* _Data under study_

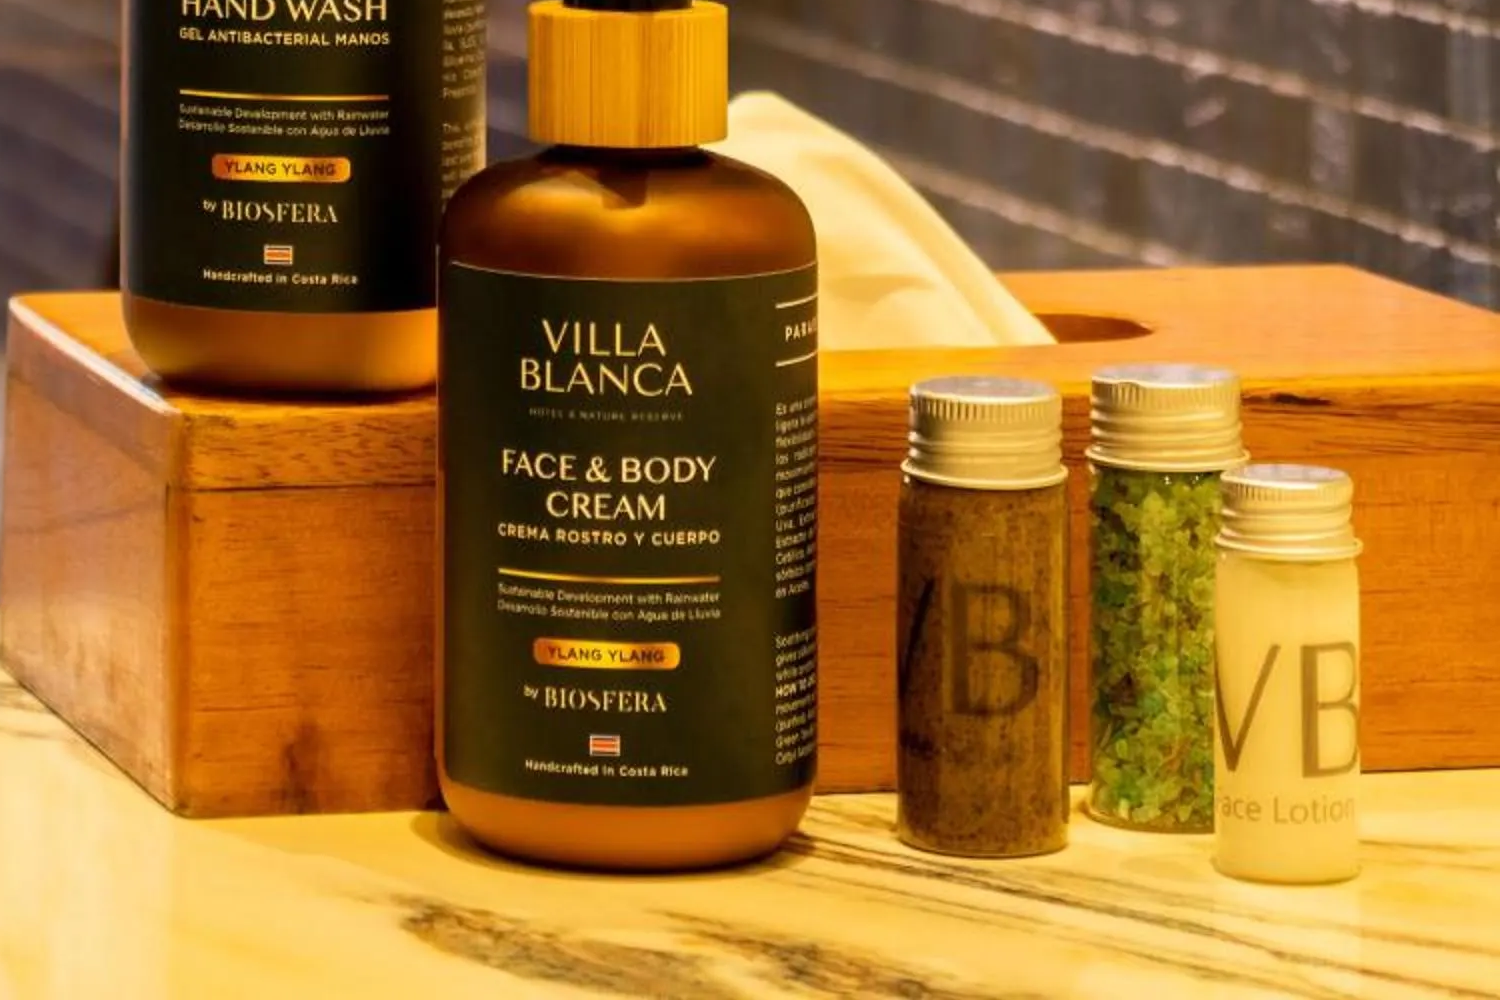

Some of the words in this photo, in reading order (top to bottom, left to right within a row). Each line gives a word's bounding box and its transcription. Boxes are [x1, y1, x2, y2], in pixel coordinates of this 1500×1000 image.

[179, 27, 204, 43] GEL
[207, 29, 330, 46] ANTIBACTERIAL
[335, 32, 390, 46] MANOS
[235, 107, 308, 122] Development
[310, 109, 335, 120] with
[337, 109, 390, 120] Rainwater
[228, 123, 283, 136] Sostenible
[286, 126, 307, 136] con
[310, 125, 339, 139] Agua
[341, 125, 356, 136] de
[224, 160, 277, 175] YLANG
[281, 163, 336, 177] YLANG
[203, 198, 217, 213] by
[221, 199, 339, 224] BIOSFERA
[203, 268, 273, 285] Handcrafted
[276, 272, 288, 285] in
[291, 273, 328, 286] Costa
[331, 273, 359, 286] Rica
[541, 319, 667, 357] VILLA
[520, 358, 693, 397] BLANCA
[528, 407, 563, 419] HOTEL
[579, 410, 625, 421] NATURE
[501, 448, 577, 481] FACE
[585, 456, 611, 483] &
[620, 456, 717, 484] BODY
[546, 491, 666, 521] CREAM
[497, 523, 549, 541] CREMA
[556, 529, 627, 546] ROSTRO
[634, 532, 645, 546] Y
[651, 530, 720, 546] CUERPO
[557, 590, 634, 605] Development
[637, 592, 663, 604] with
[665, 592, 720, 604] Rainwater
[550, 605, 608, 620] Sostenible
[612, 609, 635, 620] con
[638, 608, 668, 623] Agua
[671, 609, 686, 621] de
[688, 608, 720, 620] Lluvia
[547, 646, 602, 662] YLANG
[608, 649, 666, 664] YLANG
[523, 684, 538, 700] by
[545, 686, 667, 713] BIOSFERA
[1214, 642, 1359, 777] VB
[525, 759, 599, 777] Handcrafted
[602, 763, 615, 777] in
[619, 764, 656, 777] Costa
[660, 764, 689, 777] Rica
[1216, 796, 1262, 821] ace
[1273, 795, 1355, 824] Lotion
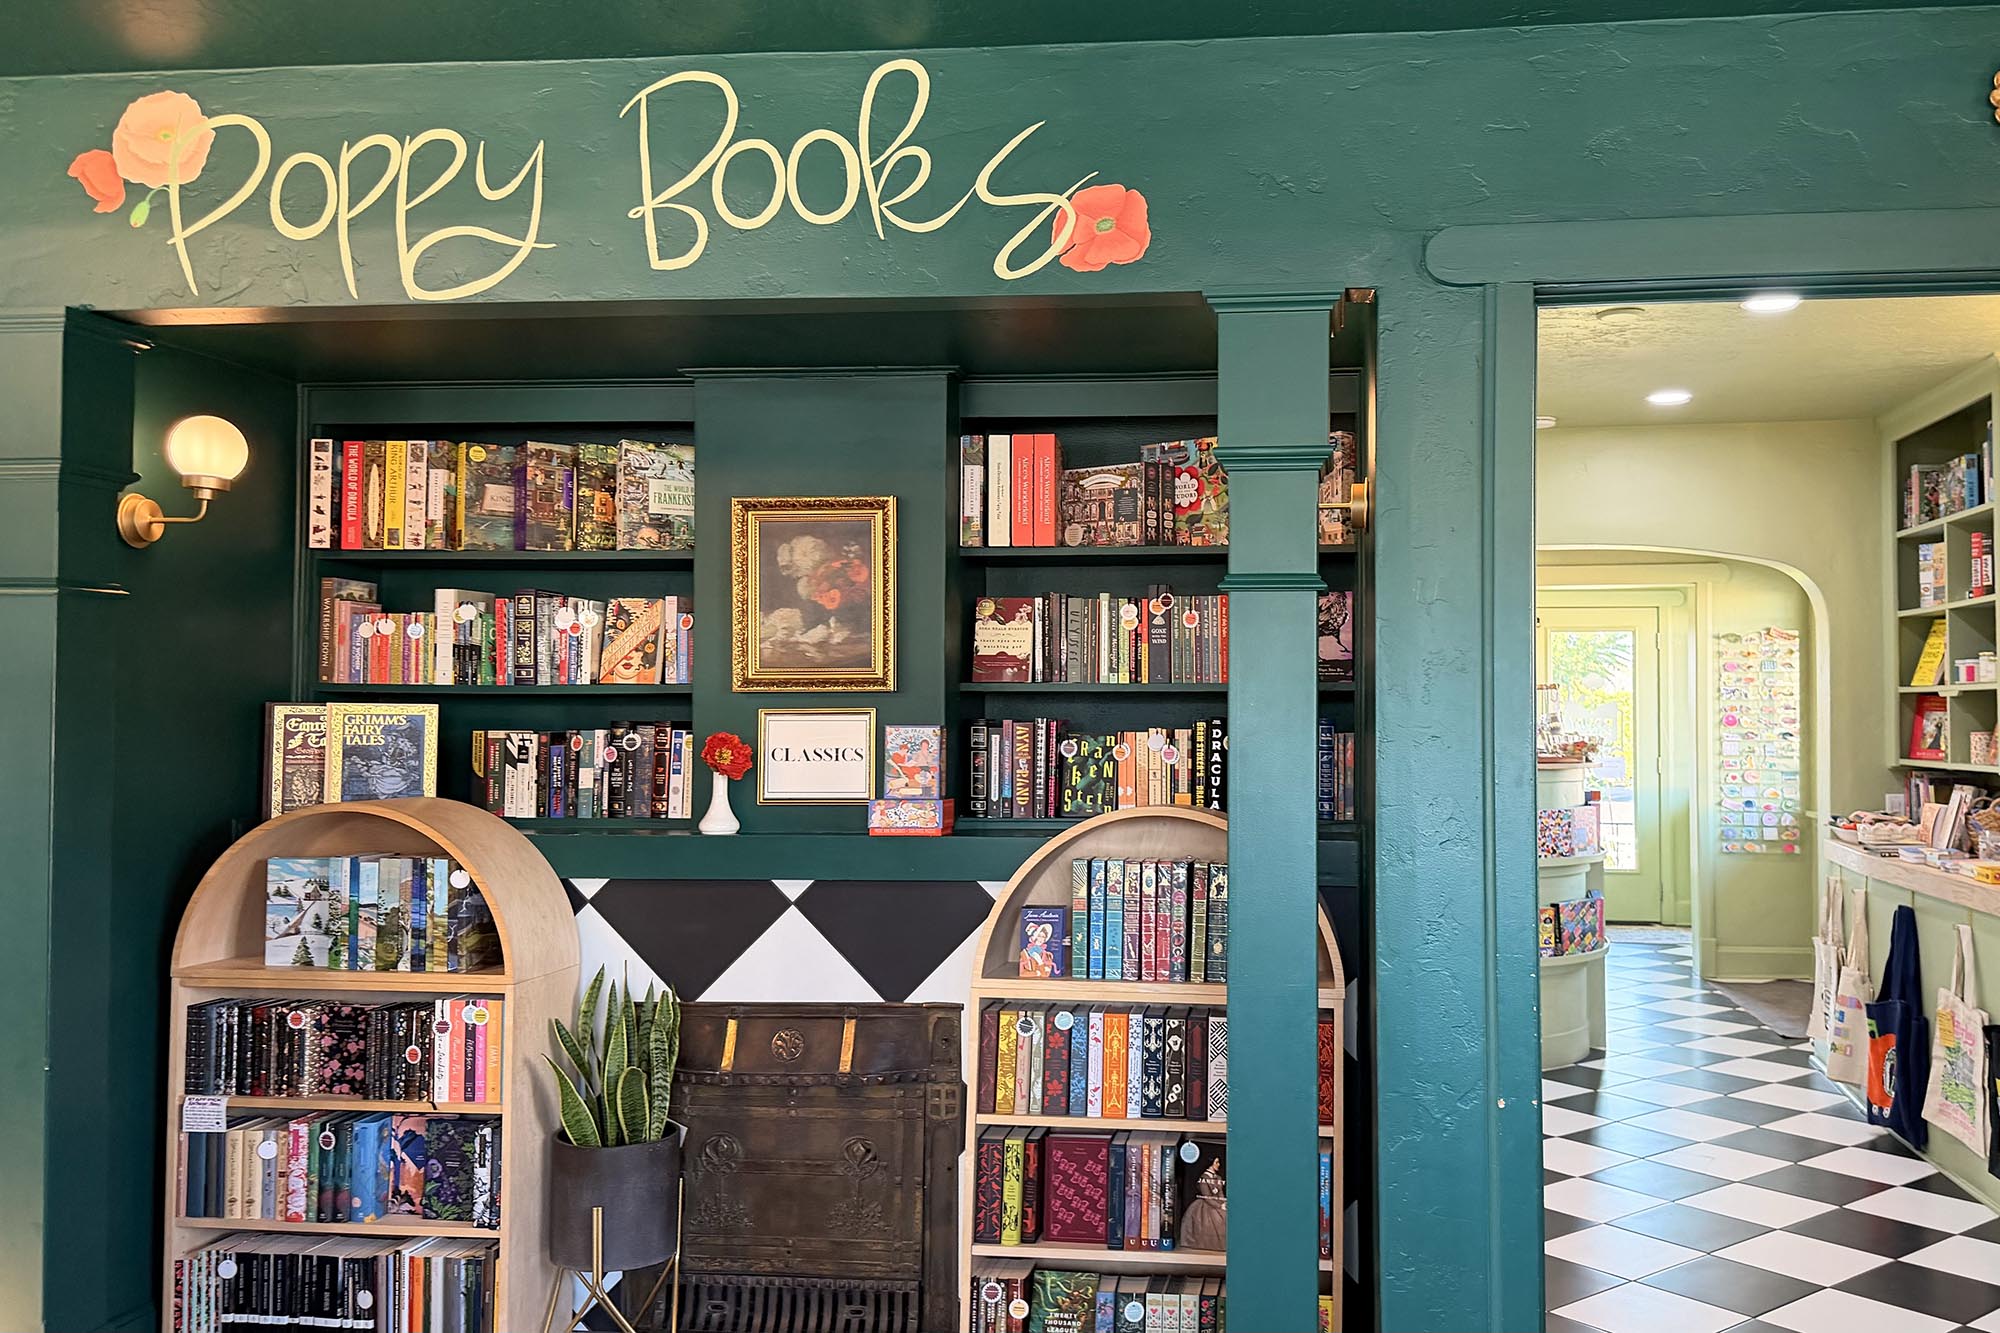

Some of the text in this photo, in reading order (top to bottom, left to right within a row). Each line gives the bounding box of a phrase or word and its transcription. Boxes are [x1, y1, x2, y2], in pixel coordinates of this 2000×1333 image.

[167, 58, 1099, 303] Poppy Books
[346, 444, 359, 521] THE WORLD OF DRACULA
[389, 444, 399, 505] KING ARTHUR
[654, 492, 695, 506] FRANKENST
[321, 597, 332, 667] WATERSHIP DOWN
[1069, 610, 1080, 662] ULYSSES
[342, 735, 386, 746] TALES
[343, 725, 385, 736] FAIRY
[344, 714, 407, 726] GRIMM'S
[771, 747, 864, 762] CLASSICS
[1015, 726, 1030, 805] AYN RAND
[1210, 728, 1222, 810] DRACULA
[1024, 910, 1059, 920] Jane Austen
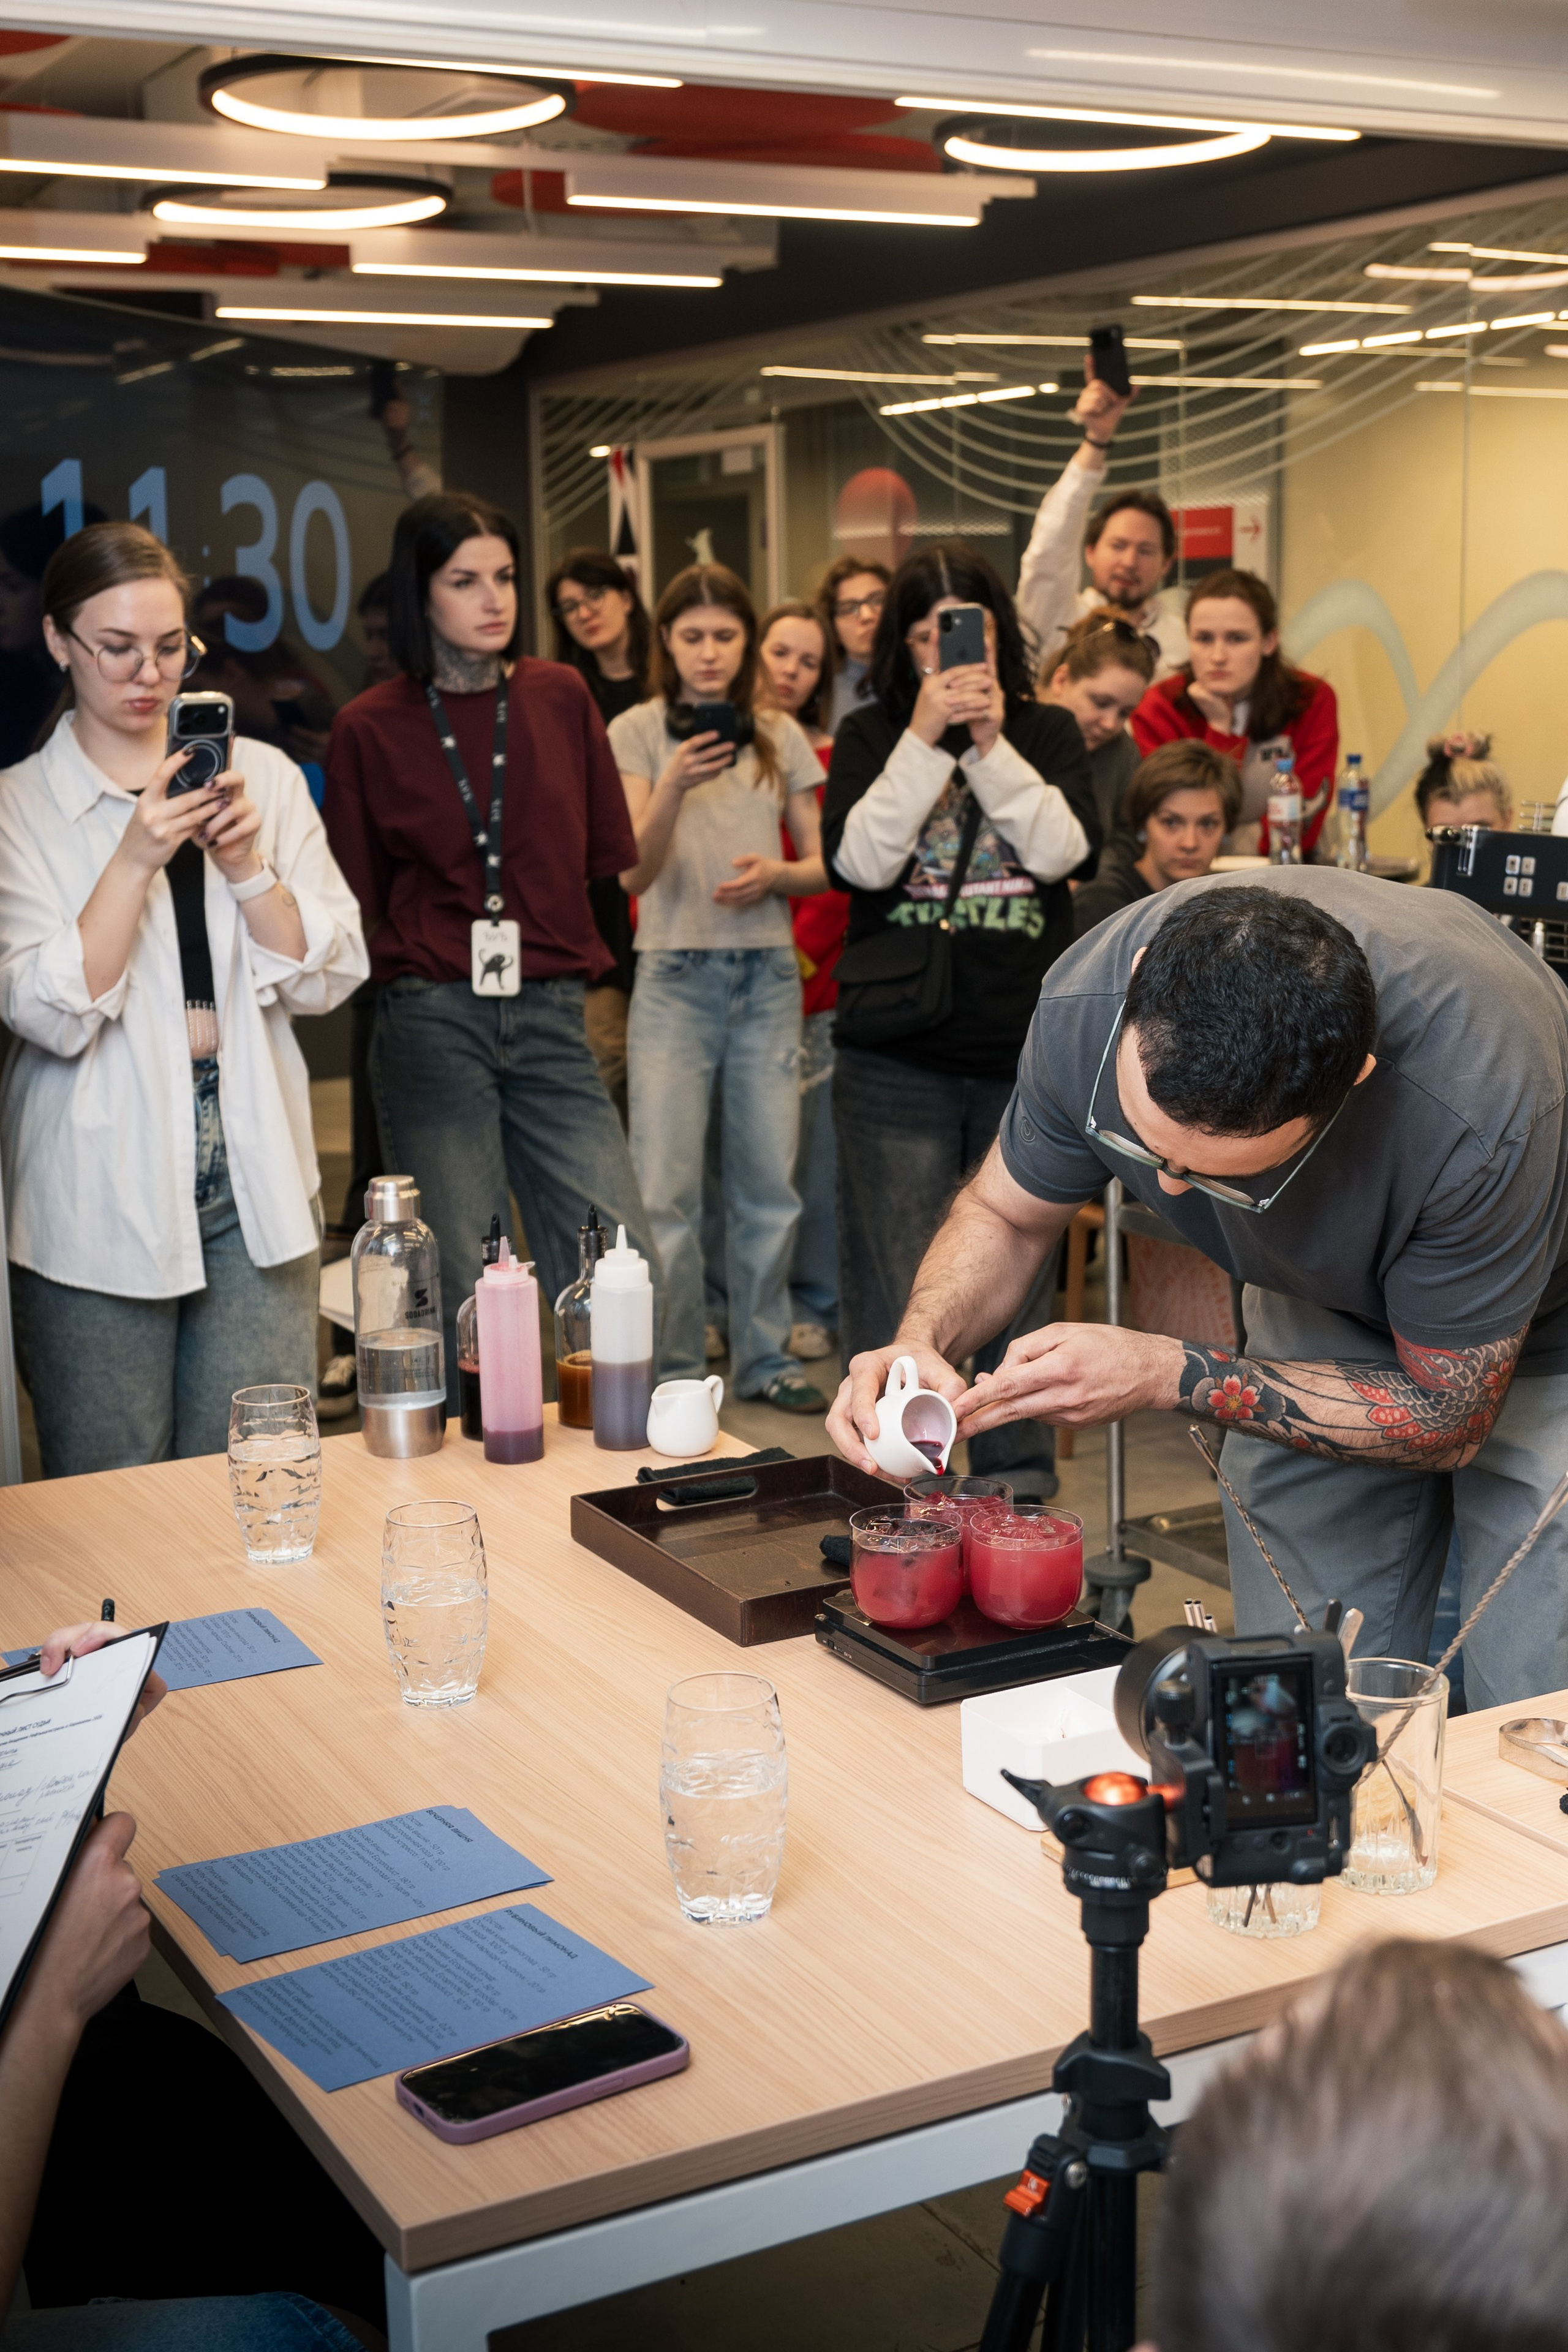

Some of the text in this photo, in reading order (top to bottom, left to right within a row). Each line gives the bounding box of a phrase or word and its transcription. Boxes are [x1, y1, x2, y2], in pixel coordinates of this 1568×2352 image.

[405, 1306, 435, 1319] SODADRINK
[425, 1809, 474, 1842] ВЕЧЕРНЯЯ ВИШНЯ

* _Work to be completed_
Leaving aside every picture, transcribe exactly the lines that run from the one with "this 2000×1333 image." to the close of the listing above.

* _Output for this task_
Some of the text in this photo, in reading order (top to bottom, left to right within a row). Each line gives the bounding box of a phrase or word and its transcription. Boxes are [x1, y1, x2, y2], in pixel coordinates of this 2000×1333 image.

[167, 58, 1099, 303] Poppy Books
[346, 444, 359, 521] THE WORLD OF DRACULA
[389, 444, 399, 505] KING ARTHUR
[654, 492, 695, 506] FRANKENST
[321, 597, 332, 667] WATERSHIP DOWN
[1069, 610, 1080, 662] ULYSSES
[342, 735, 386, 746] TALES
[343, 725, 385, 736] FAIRY
[344, 714, 407, 726] GRIMM'S
[771, 747, 864, 762] CLASSICS
[1015, 726, 1030, 805] AYN RAND
[1210, 728, 1222, 810] DRACULA
[1024, 910, 1059, 920] Jane Austen

Some of the text in this photo, in reading order (top to bottom, left to right within a row). Each line gives the bounding box of a phrase or word and its transcription. Boxes are [x1, y1, x2, y2], in pixel coordinates of this 1568×2352 image.

[405, 1306, 435, 1319] SODADRINK
[425, 1809, 474, 1842] ВЕЧЕРНЯЯ ВИШНЯ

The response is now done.